TASK DIRECTIONS
With the pictures excluded, repeat every entry exactly.

Data extracted from a collection
+ + +

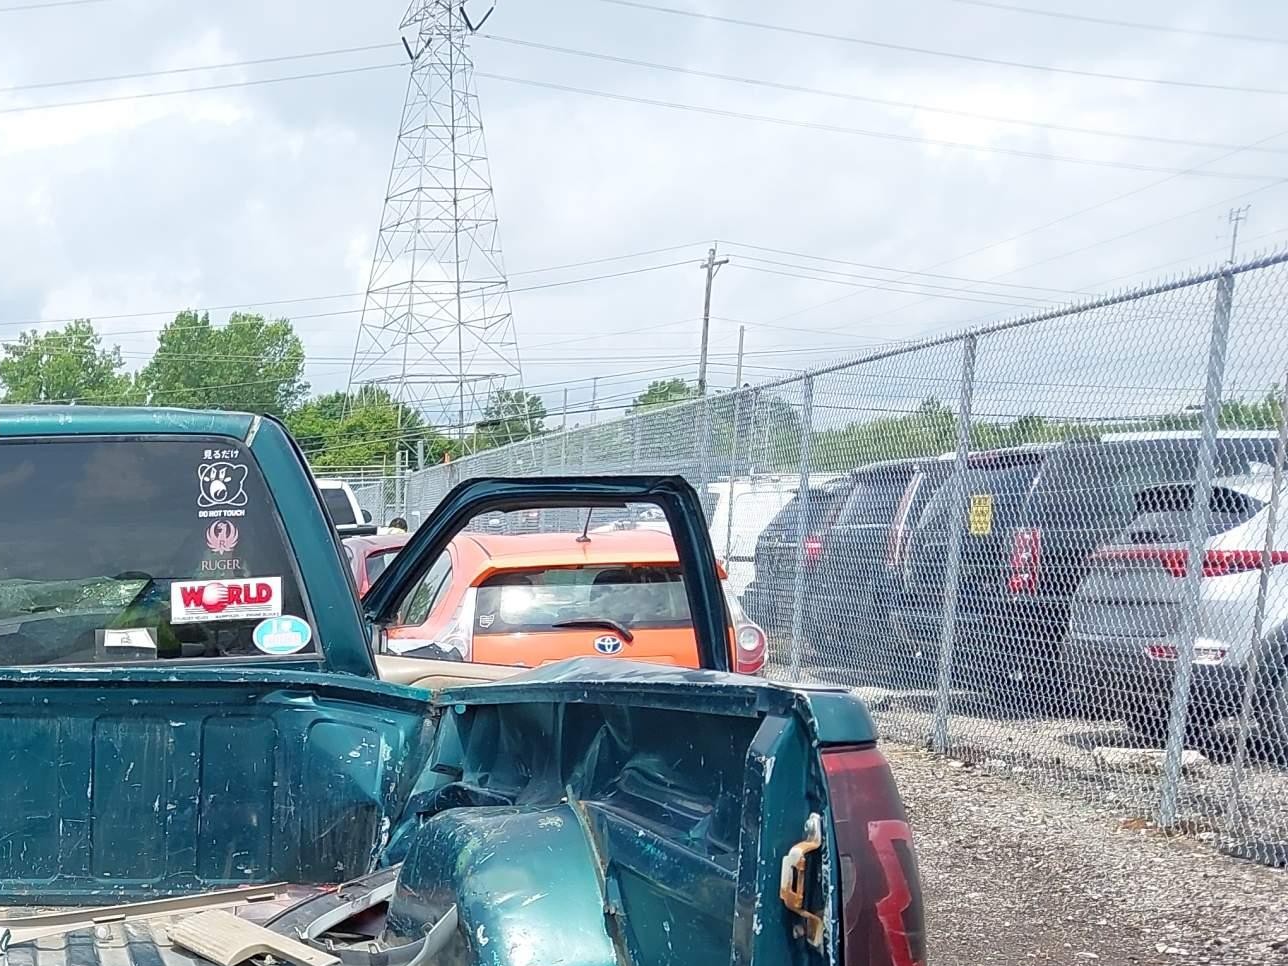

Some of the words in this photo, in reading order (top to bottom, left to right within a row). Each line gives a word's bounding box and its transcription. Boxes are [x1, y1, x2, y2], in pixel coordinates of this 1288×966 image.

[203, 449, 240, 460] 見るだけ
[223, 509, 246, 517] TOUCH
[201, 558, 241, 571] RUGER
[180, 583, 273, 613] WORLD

+ + +

EXERCISE OUTPUT
Some of the words in this photo, in reading order (top to bottom, left to right within a row). Each line gives a word's bounding box and its transcription. Boxes are [x1, y1, x2, y2], in pixel coordinates of this 1288×966 image.

[203, 449, 240, 460] 見るだけ
[223, 509, 246, 517] TOUCH
[201, 558, 241, 571] RUGER
[180, 583, 273, 613] WORLD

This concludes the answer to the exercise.